Di particolare rilievo risulta da questo punto di vista, quindi, la posizione di Pasolini, animatore inquieto del dibattito ideologico sulle questioni civili. Si tratta, infatti, di una personalità contraddittoria, i cui scritti polemici sono, scrive Pischedda, «intrisi di demagogia semplicistica», guidati da un «profetismo tribunizio» che, fra slanci utopistici e urgenze nietzscheane, tenta di analizzare la società italiana attraverso la semiologia, l’antropologia e la sociologia. Ci si riferisce, quindi, alla riflessione pasoliniana sull’aborto, sulla natalità medicalizzata, e anche alla sua riflessione più propriamente politica. Mostrando il bisogno di autocertificazioni esistenziali («io so perché li vivo»), Pasolini non privilegia il ripensamento autocritico, ma punta al ribaltamento spettacolare, al vaticinio adoperando il linguaggio ricercato (e all’occorrenza basso) di chi si rivolge ad un uditorio colto.

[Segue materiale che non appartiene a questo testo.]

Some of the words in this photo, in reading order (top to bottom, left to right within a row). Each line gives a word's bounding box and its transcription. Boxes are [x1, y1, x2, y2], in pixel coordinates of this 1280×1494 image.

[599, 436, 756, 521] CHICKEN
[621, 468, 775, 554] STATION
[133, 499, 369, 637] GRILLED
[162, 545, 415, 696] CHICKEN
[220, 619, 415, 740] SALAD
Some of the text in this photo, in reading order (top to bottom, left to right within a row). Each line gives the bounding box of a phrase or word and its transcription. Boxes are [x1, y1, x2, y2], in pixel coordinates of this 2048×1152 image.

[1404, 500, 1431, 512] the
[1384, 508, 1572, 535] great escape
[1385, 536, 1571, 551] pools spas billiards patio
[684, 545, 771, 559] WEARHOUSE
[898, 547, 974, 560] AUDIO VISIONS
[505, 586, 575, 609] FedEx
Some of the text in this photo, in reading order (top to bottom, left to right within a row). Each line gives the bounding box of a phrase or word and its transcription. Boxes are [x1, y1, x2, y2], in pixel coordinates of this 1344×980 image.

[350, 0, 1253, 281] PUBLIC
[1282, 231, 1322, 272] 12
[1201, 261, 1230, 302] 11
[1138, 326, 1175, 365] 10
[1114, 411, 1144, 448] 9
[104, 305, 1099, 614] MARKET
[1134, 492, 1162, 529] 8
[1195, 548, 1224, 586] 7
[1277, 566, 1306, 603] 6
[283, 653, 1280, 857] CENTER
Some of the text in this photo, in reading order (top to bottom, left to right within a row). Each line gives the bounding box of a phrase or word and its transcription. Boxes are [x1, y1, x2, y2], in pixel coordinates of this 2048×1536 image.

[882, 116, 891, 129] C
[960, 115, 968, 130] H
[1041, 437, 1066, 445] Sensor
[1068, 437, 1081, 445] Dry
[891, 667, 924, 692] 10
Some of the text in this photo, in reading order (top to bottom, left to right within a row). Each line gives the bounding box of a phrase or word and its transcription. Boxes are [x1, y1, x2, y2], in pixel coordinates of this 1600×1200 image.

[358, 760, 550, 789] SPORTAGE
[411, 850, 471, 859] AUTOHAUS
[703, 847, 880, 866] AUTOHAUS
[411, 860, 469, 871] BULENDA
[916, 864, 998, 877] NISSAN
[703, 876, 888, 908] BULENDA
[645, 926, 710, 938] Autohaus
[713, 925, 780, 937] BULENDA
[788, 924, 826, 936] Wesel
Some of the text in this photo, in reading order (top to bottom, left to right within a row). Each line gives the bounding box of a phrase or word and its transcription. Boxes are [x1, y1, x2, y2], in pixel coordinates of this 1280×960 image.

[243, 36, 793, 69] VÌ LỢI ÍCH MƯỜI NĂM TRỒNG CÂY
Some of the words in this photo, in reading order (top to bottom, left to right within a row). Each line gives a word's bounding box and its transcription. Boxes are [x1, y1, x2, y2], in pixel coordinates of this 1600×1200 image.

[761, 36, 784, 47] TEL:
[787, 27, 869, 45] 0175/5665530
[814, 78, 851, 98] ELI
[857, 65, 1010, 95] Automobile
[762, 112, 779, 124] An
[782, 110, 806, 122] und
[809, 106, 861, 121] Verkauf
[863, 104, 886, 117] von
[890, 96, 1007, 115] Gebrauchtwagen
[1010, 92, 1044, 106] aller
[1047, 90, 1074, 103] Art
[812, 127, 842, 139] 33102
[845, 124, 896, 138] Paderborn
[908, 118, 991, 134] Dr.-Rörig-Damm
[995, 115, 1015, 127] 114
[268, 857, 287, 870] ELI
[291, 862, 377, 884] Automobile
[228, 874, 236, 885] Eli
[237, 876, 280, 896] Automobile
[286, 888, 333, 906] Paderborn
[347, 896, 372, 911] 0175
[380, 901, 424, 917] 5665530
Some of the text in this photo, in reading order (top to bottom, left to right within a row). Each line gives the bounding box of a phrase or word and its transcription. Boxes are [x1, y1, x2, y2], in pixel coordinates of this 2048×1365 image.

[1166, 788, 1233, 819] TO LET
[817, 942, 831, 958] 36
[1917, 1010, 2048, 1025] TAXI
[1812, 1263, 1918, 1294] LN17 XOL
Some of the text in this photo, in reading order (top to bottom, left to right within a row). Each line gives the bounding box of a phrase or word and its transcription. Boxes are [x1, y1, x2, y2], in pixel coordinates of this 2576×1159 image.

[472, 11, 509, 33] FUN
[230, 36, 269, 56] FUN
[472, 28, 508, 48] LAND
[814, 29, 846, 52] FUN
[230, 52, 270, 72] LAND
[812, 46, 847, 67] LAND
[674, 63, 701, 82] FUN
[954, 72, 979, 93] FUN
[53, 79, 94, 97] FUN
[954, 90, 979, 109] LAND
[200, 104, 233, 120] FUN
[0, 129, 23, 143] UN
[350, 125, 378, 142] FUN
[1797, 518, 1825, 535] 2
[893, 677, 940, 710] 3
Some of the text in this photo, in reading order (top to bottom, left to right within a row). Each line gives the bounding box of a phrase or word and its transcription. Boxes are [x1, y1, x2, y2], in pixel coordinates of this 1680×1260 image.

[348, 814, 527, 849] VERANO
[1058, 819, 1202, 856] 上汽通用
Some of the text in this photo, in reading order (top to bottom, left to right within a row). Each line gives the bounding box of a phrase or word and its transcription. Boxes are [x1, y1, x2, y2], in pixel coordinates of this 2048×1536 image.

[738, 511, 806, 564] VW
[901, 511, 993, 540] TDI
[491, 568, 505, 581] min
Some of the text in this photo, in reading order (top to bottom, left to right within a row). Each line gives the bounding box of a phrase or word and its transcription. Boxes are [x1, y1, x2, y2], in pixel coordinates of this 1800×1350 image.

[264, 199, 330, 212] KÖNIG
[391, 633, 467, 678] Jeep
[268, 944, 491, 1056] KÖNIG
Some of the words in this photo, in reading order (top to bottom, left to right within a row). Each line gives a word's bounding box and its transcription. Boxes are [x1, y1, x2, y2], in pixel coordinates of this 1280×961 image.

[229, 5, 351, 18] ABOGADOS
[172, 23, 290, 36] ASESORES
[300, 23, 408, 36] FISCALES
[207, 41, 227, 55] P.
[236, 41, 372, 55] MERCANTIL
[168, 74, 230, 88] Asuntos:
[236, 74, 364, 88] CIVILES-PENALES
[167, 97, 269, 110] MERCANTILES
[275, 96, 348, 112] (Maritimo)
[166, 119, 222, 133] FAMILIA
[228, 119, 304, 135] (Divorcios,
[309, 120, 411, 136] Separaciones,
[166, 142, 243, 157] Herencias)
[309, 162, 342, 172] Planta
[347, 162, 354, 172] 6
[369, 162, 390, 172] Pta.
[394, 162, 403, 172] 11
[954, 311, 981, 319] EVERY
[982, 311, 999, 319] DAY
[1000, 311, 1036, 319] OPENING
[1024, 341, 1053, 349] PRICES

Il polemista Sciascia, invece, secondo Pischedda, è incline a interrogare gli aspetti più concretamente socio-politici, assumendo di fronte ai problemi italiani un atteggiamento polemico oscillante fra un triste scetticismo e una speranza illuministica nei poteri della ragione. Il suo riconoscersi fra gli “uomini di lettere”, in opposizione agli intellettuali, e il fare del proprio otium il punto di partenza per una narrativa di taglio saggistico, sono il segnale della sua adesione ad una particolare concezione della letteratura. Sulla linea del romanzo-inchiesta, Sciascia interroga, ad esempio, l’affare Moro con gli strumenti tipici della letteratura e di una specifica arte della «prefigurazione». Egli rivendica, così, il primato assoluto della parola letteraria su ciò che letterario non è. D’altra parte, però, secondo Sciascia, sostiene Pischedda, «la stessa ipotesi che sia la letteratura a determinare l’assetto del mondo, che da una costruzione fantastica, se opportunamente “dedotta”, possa sorgere il reale, dà luogo a una duplice e altrettanto incerta linea di sviluppo» [p. 130].
A differenza dei primi due, Arbasino è più da vicino influenzato dalla tradizione comico-farsesca europea, dal leopardiano Discorso sopra lo stato presente dei costumi degl’Italiani e dai quaderni gramsciani. Per Arbasino, scrive Pischedda, le prerogative dell’intellettuale sono la «libertà di pensiero», l’«insofferenza per gli schemi sociali predefiniti», il «rifiuto di qualunque tutela o vincolo di parte, così da renderne ogni atto di parola occasione di rivolta e di smentita» [p. 135]. Arbasino pensa, dunque, al ruolo del letterato nella società come intervento nel dibattito pubblico in posizione antagonista rispetto al ruolo dello storico. Il letterato, insomma, va inteso come un cronista che fornisce materiale per i posteri. Il destinatario, quindi, non è più il generico lettore dei quotidiani, ma il futuro lettore e/o il lettore colto che frequenta la letteratura e la cultura europea. Le strategie retoriche utilizzate, con cui parlare di cose e non di ideologie, sono gli elenchi, il collage e l’accumulo di reperti. Di fronte alla tragedia Moro, ad esempio, il vogherese decide di mostrare la grandezza d’animo di un’umile Maria Goretti e di un’aristocratica Maria Antonietta, in limine mortis, rispetto alla fragilità d’animo del politico italiano. Un gioco funambolico e cinico in cui antropologia, economia, etologia, dottrine politiche, nouvelle histoire si compongono con estro multidisciplinare in un quadro di «illuminismo depravato».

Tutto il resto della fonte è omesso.